Bertrand Gervais signe un roman envahi par le merveilleux, facilitant et empêchant tour à tour le deuil vécu par sa jeune héroïne.

Difficile de ne pas comparer L’Île des Pas perdus à l’avant-dernier roman de Bertrand Gervais, Les Failles de l’Amérique, paru en 2005: même descente aux enfers initiatique d’un personnage central, même goût pour les mises en abyme, même portrait violent des grandes villes modernes. Mais tandis que Les Failles de l’Amérique semblaient captives d’un discours sur les extrêmes de la société américaine, trahissant la tentation de l’essai chez son auteur, L’Île des Pas perdus se donne des airs de conte par l’envahissement du merveilleux, par le bouleversement des lois de l’espace et du temps dans la réalité d’une fillette partageant le quotidien solitaire de son père veuf.

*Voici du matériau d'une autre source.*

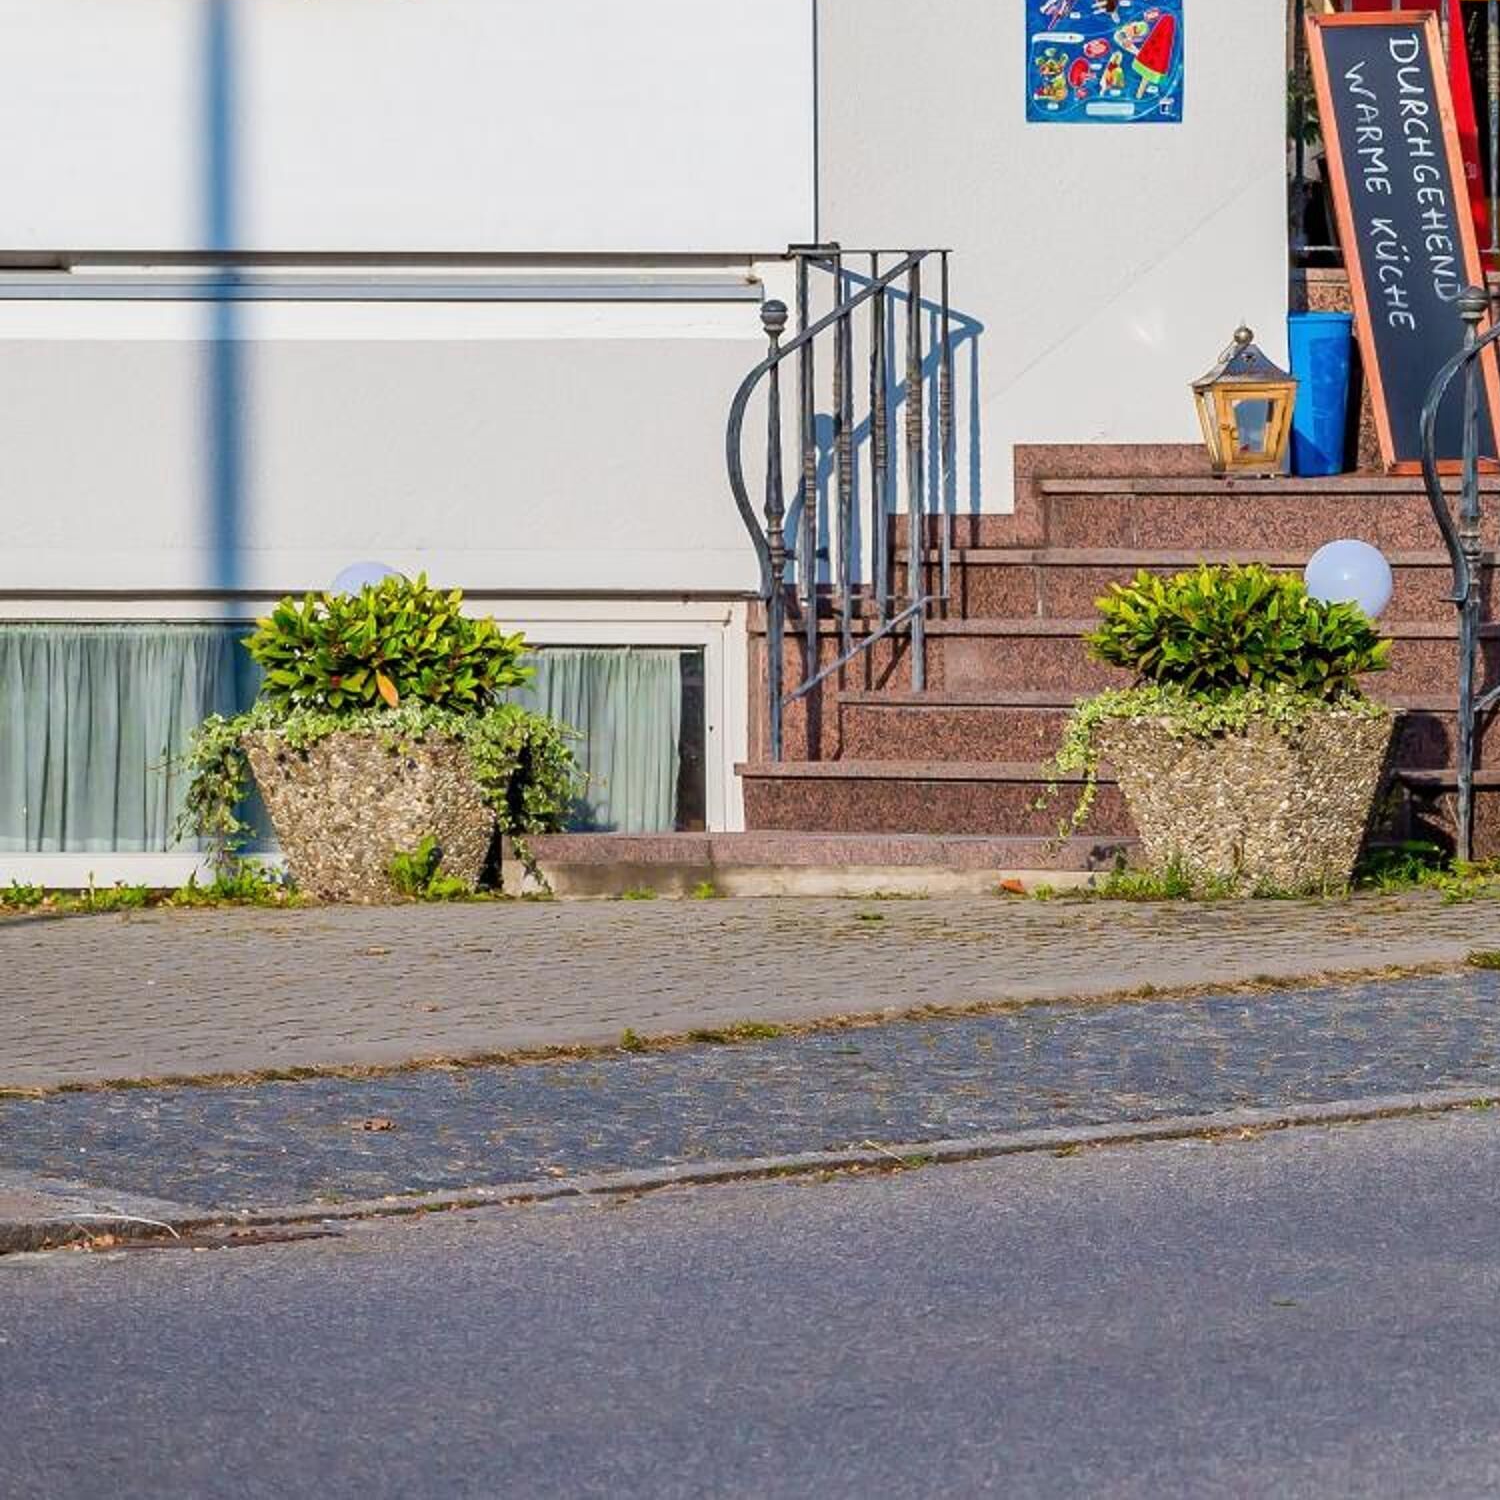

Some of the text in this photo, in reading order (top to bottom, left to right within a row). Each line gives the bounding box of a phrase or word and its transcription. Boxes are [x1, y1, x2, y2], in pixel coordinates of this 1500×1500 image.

[1345, 60, 1416, 331] WARME KÜCHE
[1389, 33, 1465, 302] DURCHGEHEND

Prénommée Caroline, comme pour mieux souligner la parenté du roman avec l’univers de Lewis Carroll, celle-ci voit son intégrité physique menacée à la suite d’une promesse non tenue, celle d’arrêter de sucer ses pouces. Elle se voit donc forcée de partir à la recherche de ses précieux doigts perdus durant son sommeil, un peu à la façon d’Alice qui, devenue naine puis géante au pays des merveilles, tente de retrouver sa taille normale. Quittant le confort d’Ahuntsic sans prévenir son père, empruntant le réseau du métro et débarquant au centre-ville, Caroline va de surprise en surprise au fil de ses pérégrinations, chez une cartomancienne, notamment, qui lui expliquera que "l’avenir ne s’ouvre qu’à ceux qui ont renoncé au passé", puis dans les dédales hallucinants d’un pavillon de l’UQAM conduisant au bureau d’un professeur en "littérature transgénique".

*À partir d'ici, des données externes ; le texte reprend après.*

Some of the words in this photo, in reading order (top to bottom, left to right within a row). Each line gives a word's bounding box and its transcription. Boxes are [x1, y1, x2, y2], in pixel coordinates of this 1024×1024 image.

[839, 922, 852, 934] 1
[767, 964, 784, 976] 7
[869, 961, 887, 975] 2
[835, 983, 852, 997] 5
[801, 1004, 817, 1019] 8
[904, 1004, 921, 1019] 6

À ce Montréal labyrinthique, déjà considéré à travers le prisme déformant du regard enfantin, se superpose un autre univers, celui de l’île des Pas perdus, "pays où l’oubli est l’unique façon de se souvenir". Créé par le père écrivain de Caroline afin de résoudre le deuil de sa femme morte accidentellement, ce monde a aussi servi d’échappatoire à l’enfant qui en est venue à le confondre avec la réalité. Caroline en connaît d’ailleurs la géographie sur le bout des doigts, du mont des Villages blancs à la forêt des Oubliés, en passant par la baie du Maco, du nom de ce monstre marin qui l’abrite. Dans le Montréal de Caroline, les monstres auront pourtant des visages bien humains, ceux des "zuggies", dangereux gang de rue qui la terrorise et l’incitera à joindre une confrérie d’orphelins et de fugueurs squattant le Palais des livres. Elle y trouvera des centaines d’exemplaires invendus du livre de son père…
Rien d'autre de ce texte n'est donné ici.